Extinct baronetcy in the Baronetage of England

The Elwes Baronetcy (/ˈɛlwɪs/) of Stoke-by-Clare in the County of Suffolk, was a title in the Baronetage of England held by the Elwys family, whose name through the years has alternately been spelled Helwish, Helewise, Helwys, Elwaiss and Elwaies.

The baronetcy was created on 22 June 1660 by King Charles II for Gervase Elwes, Member of Parliament for Sudbury and Suffolk. The second Baronet was Member of Parliament for Suffolk.
John Elwes was the nephew of the second Baronet.

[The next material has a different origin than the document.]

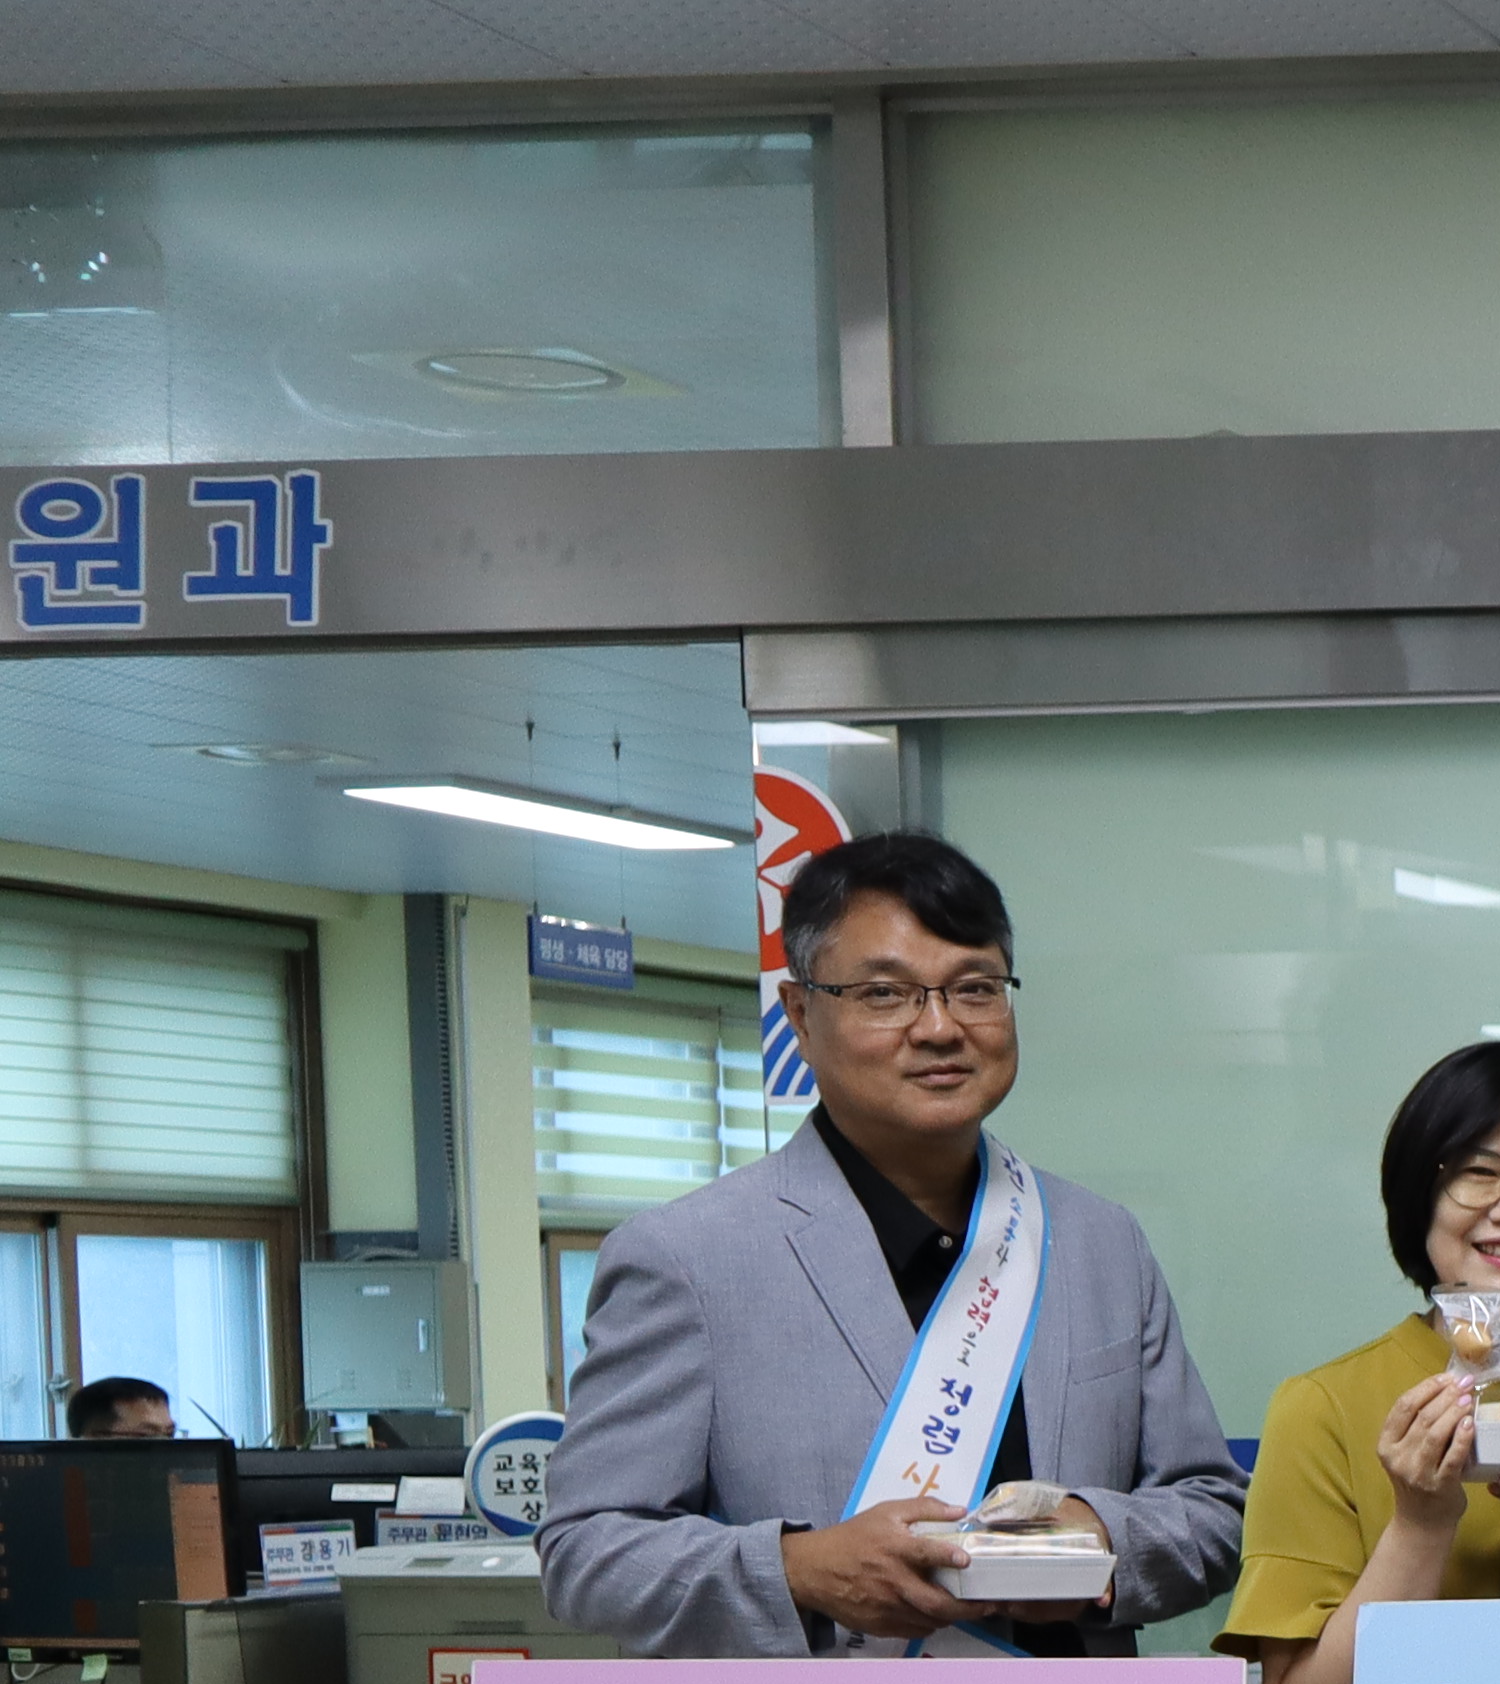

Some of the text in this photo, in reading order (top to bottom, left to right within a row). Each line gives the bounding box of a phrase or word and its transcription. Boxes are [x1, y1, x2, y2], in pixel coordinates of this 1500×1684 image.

The title possibly became either extinct or dormant following the death of the third Baronet on 26 November 1778, under unclear circumstances. The third Baronet left three sons—Henry, William, and Thomas—the eldest of whom, Henry, was assumed to have become the fourth baronet; however there is no record that he did so, putting into question whether or not the sons were legitimate. In 1779, William and Thomas were recorded proving their father's will, indicating he may have died shortly after his father. However, after the death of the third Baronet's widow, Johanna Elwes (née Bobulia), none of the sons appeared to prove her will, lending credence that she was not their mother. According to The Complete Baronetage (1904), the third Baronet dspm legit (decessit sine prole mascula legitima – "died without legitimate male issue").

According to Burke's, the baronetcy became extinct upon the death of the third Baronet in 1778. Some sources, however, record a fourth Baronet, Sir Henry Elwes, who was believed to be the younger brother of the third Baronet. He died without heirs in 1787, at which point the baronetcy likely became extinct. According to the Standing Council of the Baronetage, the Elwes baronetcy is not among the vacant or dormant baronetcies.

==Elwes baronets, of Stoke-by-Clare (1660)==
- Sir Gervase Elwes, 1st Baronet (1628–1706)
  - Gervase Elwes, junior, (c. 1657–c. 1687), d.s.p.
- Sir Hervey Elwes, 2nd Baronet (1683–1763)
- Sir William Elwes, 3rd Baronet (died 1778), d.s.p.m.l.